**What to do**
Return the data below in full, exactly as it stands.
====== Exercise inputs ======
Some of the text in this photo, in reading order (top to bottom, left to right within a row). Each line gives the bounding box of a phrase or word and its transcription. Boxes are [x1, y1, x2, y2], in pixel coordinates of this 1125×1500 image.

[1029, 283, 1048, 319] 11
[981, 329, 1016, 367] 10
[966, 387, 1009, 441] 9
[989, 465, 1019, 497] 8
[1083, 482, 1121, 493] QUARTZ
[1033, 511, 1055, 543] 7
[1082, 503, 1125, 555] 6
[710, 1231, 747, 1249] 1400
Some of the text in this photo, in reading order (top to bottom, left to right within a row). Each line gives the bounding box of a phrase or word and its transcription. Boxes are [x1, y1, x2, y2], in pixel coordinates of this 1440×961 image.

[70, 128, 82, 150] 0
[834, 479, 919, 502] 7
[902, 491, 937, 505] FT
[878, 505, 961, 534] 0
======
**Answer to this task**
Some of the text in this photo, in reading order (top to bottom, left to right within a row). Each line gives the bounding box of a phrase or word and its transcription. Boxes are [x1, y1, x2, y2], in pixel coordinates of this 1125×1500 image.

[1029, 283, 1048, 319] 11
[981, 329, 1016, 367] 10
[966, 387, 1009, 441] 9
[989, 465, 1019, 497] 8
[1083, 482, 1121, 493] QUARTZ
[1033, 511, 1055, 543] 7
[1082, 503, 1125, 555] 6
[710, 1231, 747, 1249] 1400
Some of the text in this photo, in reading order (top to bottom, left to right within a row). Each line gives the bounding box of a phrase or word and its transcription. Boxes are [x1, y1, x2, y2], in pixel coordinates of this 1440×961 image.

[70, 128, 82, 150] 0
[834, 479, 919, 502] 7
[902, 491, 937, 505] FT
[878, 505, 961, 534] 0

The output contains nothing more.